Case Study on Chapter 2: ‘Introduction to Linear Polynomials’ for Class 9 Maths

Case Study set for Class 9 Maths Chapter 2: Introduction to Linear Polynomials presents short, focused problem scenarios with clear answers and step‑by‑step solutions to build exam‑ready skills. Covering topics such as identifying polynomials, degree and coefficients, forming linear polynomial expressions from word problems, verifying linearity, solving simple linear equations, and applying algebraic identities, these questions help students strengthen conceptual understanding, practise algebraic manipulation, and improve speed and accuracy for board exams. A free PDF is included for offline timed practice, classroom worksheets, and homework, making this guide ideal for quick revision and targeted skill building before tests.

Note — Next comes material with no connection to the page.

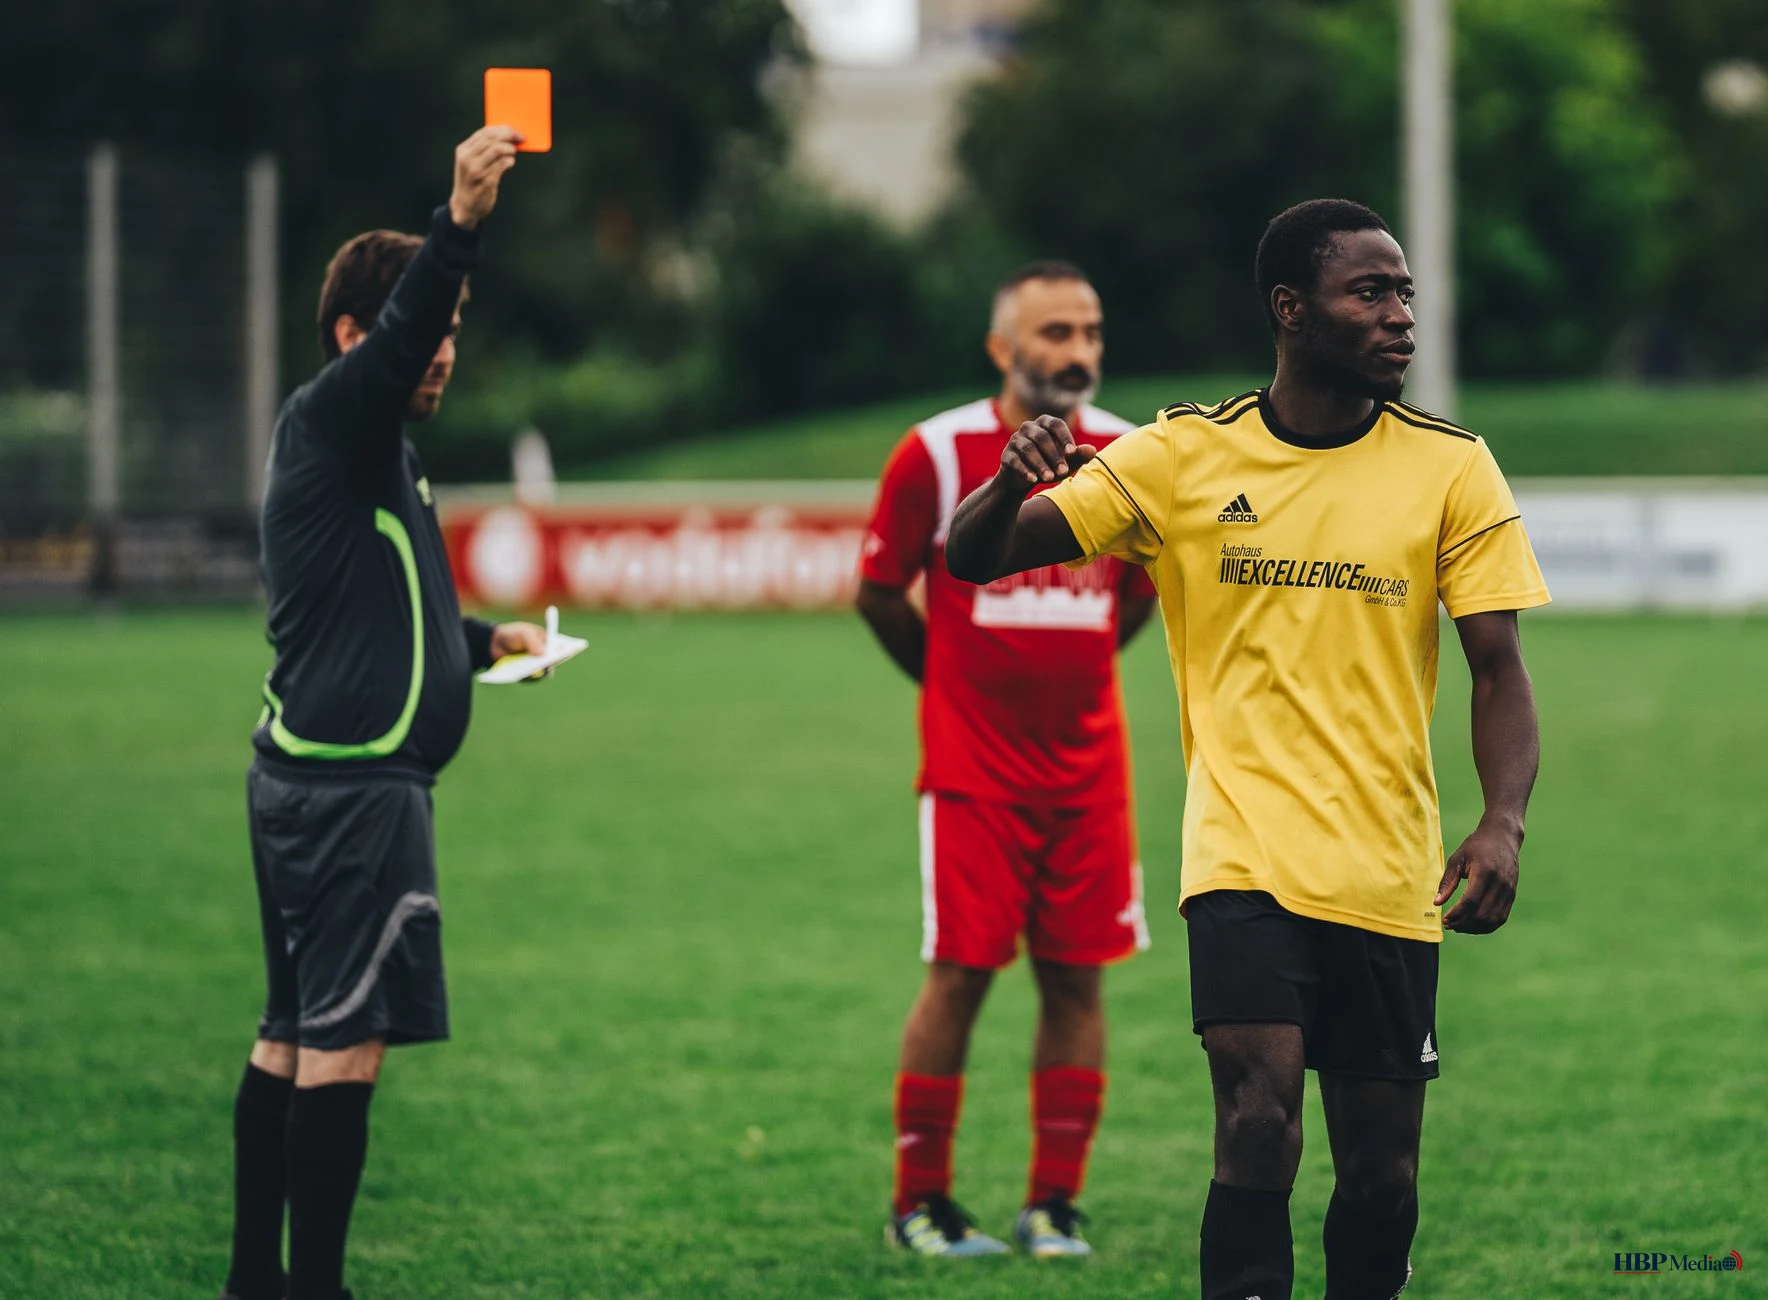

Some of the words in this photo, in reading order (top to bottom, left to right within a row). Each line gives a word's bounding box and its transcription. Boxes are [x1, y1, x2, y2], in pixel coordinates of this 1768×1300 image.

Case Study on Chapter 2: Introduction to Linear Polynomials for Class 9 With Answers

CBSE's case-based questions usually give you a short passage describing a real situation, sometimes with a small figure, followed by 4–5 questions of increasing difficulty, a couple of MCQs to check basic understanding, a short-answer question that needs a calculation, and a longer question that asks you to interpret or justify your answer.

Case Study 1: The School Fete Stall

Aarav and his classmates run a stall at the school's annual fete. They sell handmade greeting cards for ₹15 each and friendship bracelets for ₹8 each. On top of whatever they sell, Aarav adds a flat ₹20 of his own pocket money to the charity box every single day. If ‘p’ cards and ‘q’ bracelets are sold on a given day, the day's total contribution to the charity box can be written as 15p + 8q + 20.

Questions:

(i) Write down the terms of the expression 15p + 8q + 20.

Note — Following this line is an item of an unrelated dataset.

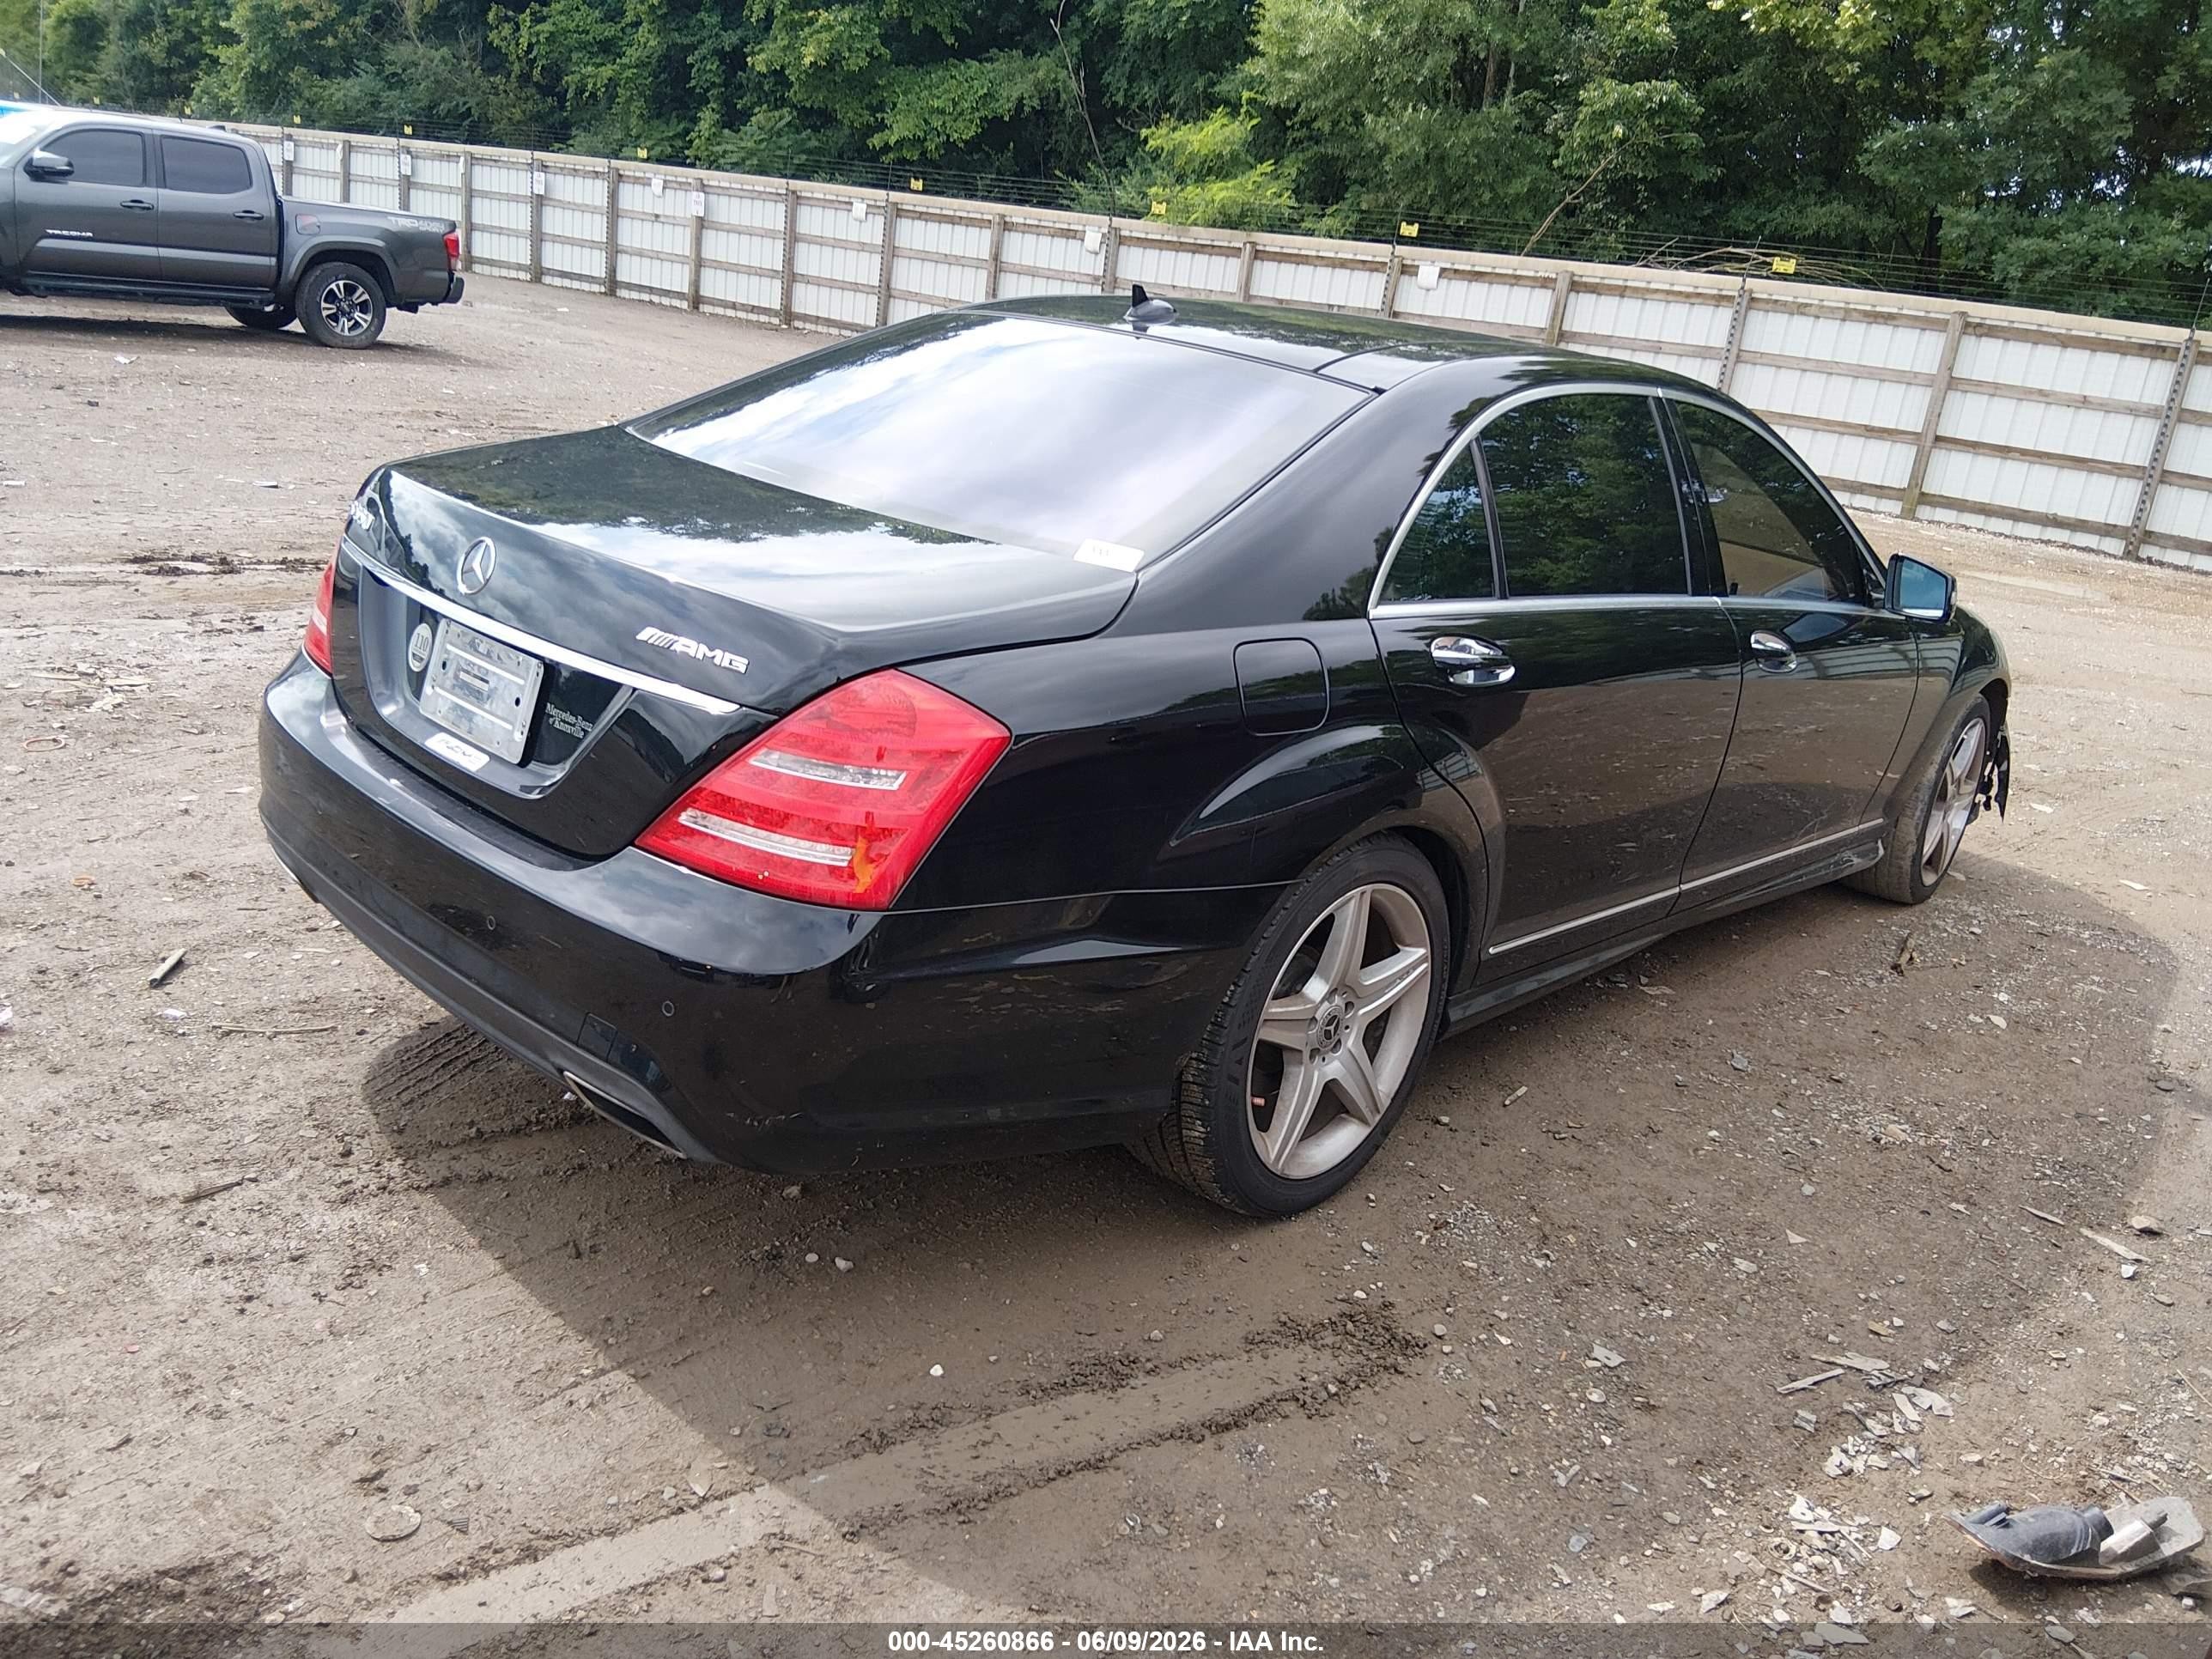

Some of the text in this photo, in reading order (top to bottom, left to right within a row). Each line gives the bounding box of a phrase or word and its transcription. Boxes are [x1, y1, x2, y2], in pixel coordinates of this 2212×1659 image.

[46, 228, 93, 237] TACOMA
[414, 632, 429, 653] 110
[544, 702, 593, 732] Mercedes-Benz
[552, 720, 585, 738] Knoxville

(ii) What are the coefficients of p and q?

(iii) What is the constant term here, and what does it represent in real life?

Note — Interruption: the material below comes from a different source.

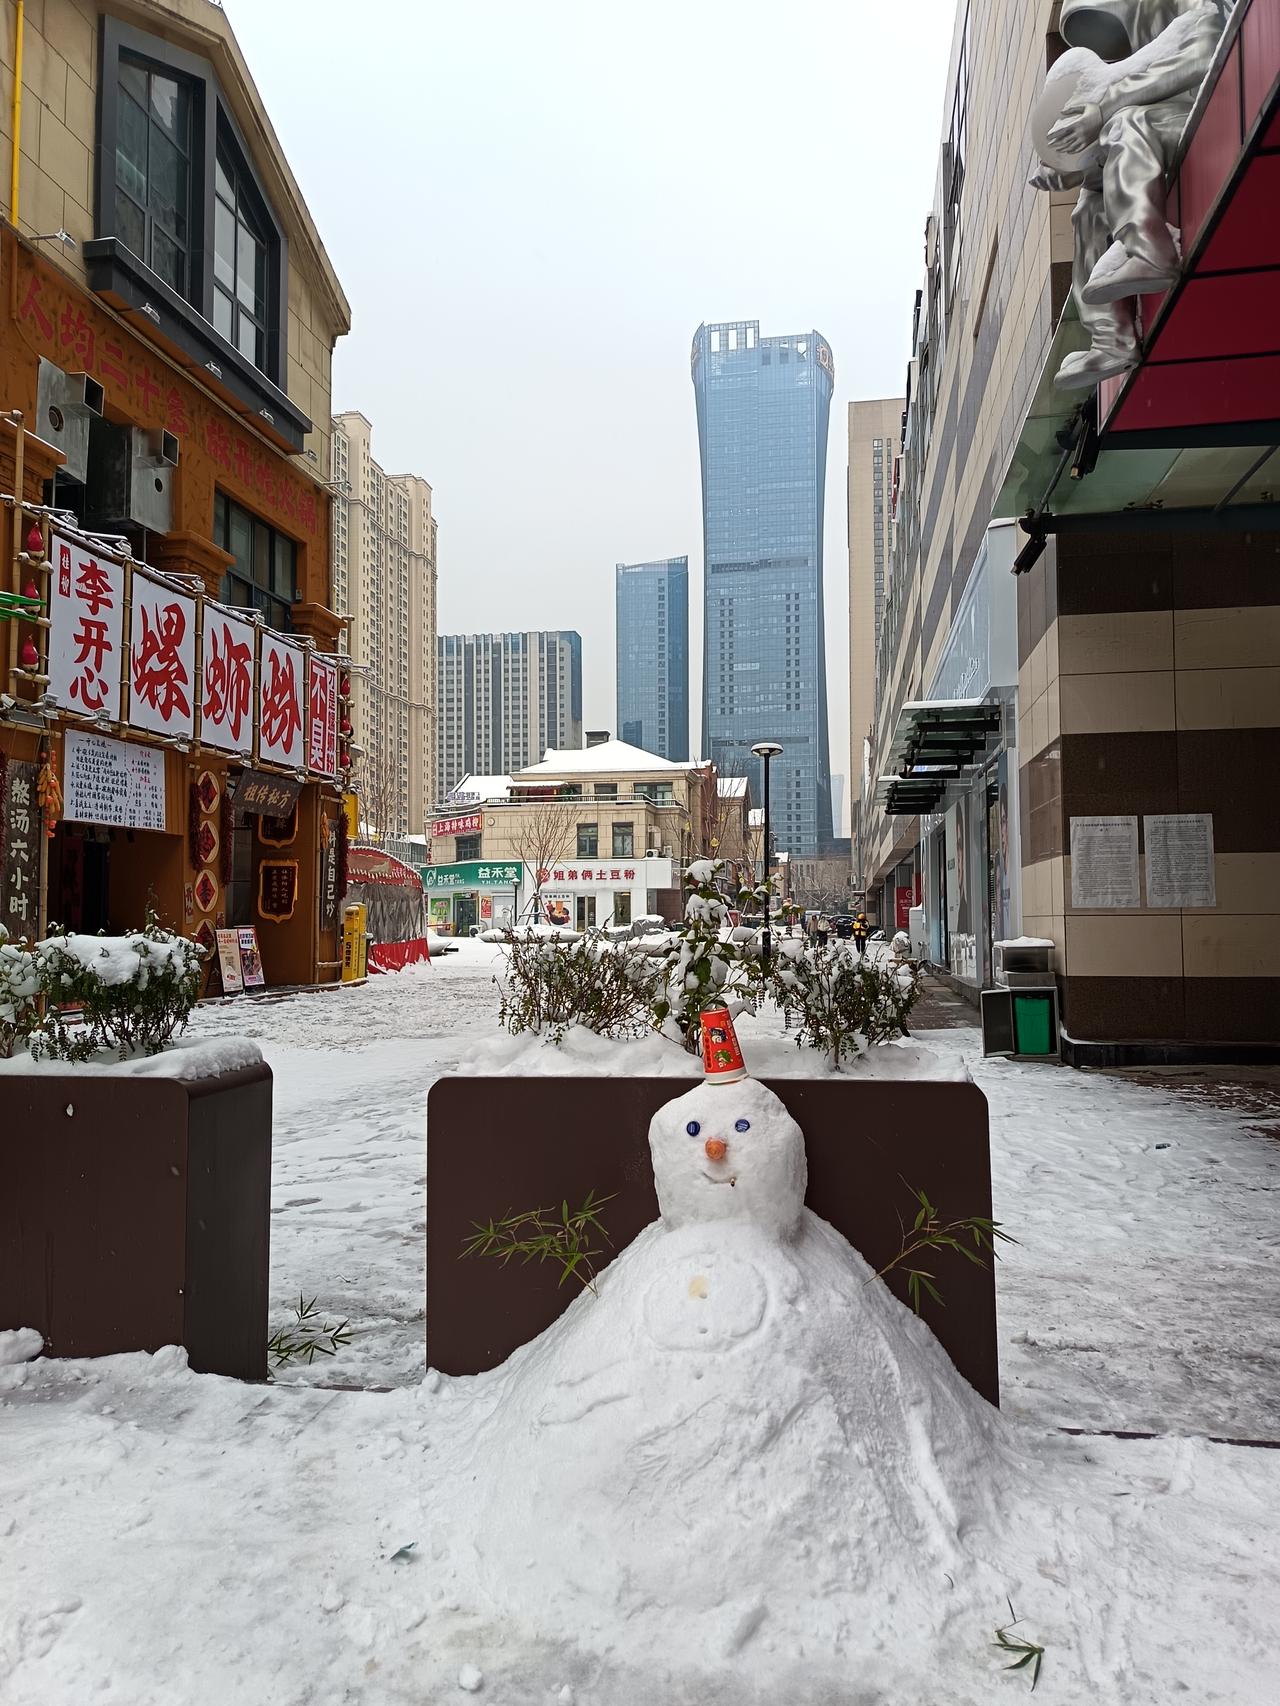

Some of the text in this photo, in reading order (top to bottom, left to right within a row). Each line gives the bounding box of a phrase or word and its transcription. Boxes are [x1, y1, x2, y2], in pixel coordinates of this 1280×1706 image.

(iv) If 6 cards and 4 bracelets are sold on a particular day, find the total contribution to the charity box.

OR 

 Is 15p + 8q + 20 a linear polynomial in two variables? Give a reason for your answer.

Solution: 

(i) The terms are 15p, 8q and 20. 

(ii) Coefficient of p = 15; coefficient of q = 8.

(iii) The constant term is 20. It represents the flat ₹20 Aarav contributes every day regardless of how many cards or bracelets are sold.

(iv) Substituting p = 6, q = 4: 15(6) + 8(4) + 20 = 90 + 32 + 20 = ₹142.

OR: Yes, every term has degree at most 1 (no variable is raised above the power 1), so 15p + 8q + 20 is a linear polynomial in the two variables p and q.

Case Study 2: Karan's E-Scooter (Linear Decay)

Karan buys a second-hand e-scooter for ₹54,000. Because of regular usage and battery wear, its resale value falls by a constant ₹4,500 every year.

Questions:

(i)  Write a linear expression for the resale value V (in ₹) after n years.

(ii) Find the resale value after 3 years.

(iii) Why does this situation represent linear decay rather than linear growth?

(iv) After how many complete years will the resale value first drop below ₹18,000?

OR 

 Will the graph of V against n rise or fall, and why?

Solution:

(i) V = 54000 − 4500n

(ii) V(3) = 54000 − 4500(3) = 54000 − 13500 = ₹40,500.

(iii) The value decreases by a fixed amount every year, and the coefficient of n is negative (−4500); this is exactly what defines linear decay.

(iv) 54000 − 4500n < 18000 ⇒ 36000 < 4500n ⇒ n > 8. At n = 8 the value is exactly ₹18,000, so it first drops below ₹18,000 after 9 complete years.

 

OR:

The graph will fall (slope downward from left to right), because the coefficient of n is negative. A negative slope always produces a falling line.

Case Study 3: Reading a Graph of Three Lines

Three linear relationships, y = 3x, y = 3x + 5 and y = 3x − 5, are plotted on the same coordinate grid below.

Questions:

(i) Identify the y-intercept of each of the three lines.

(ii) What do you notice about the slope of all three lines? What does this tell you about how they're positioned relative to one another?

(iii) Which line crosses the y-axis at the highest point, and why?

(iv) If a fourth line, y = −3x + 5, were added to this graph, would it be parallel to the others? Justify.

OR

At what point does the line y = 3x cross the y-axis?

Solution: 

(i) Substituting x = 0 in each: y = 3x → 0; y = 3x + 5 → 5; y = 3x − 5 → −5.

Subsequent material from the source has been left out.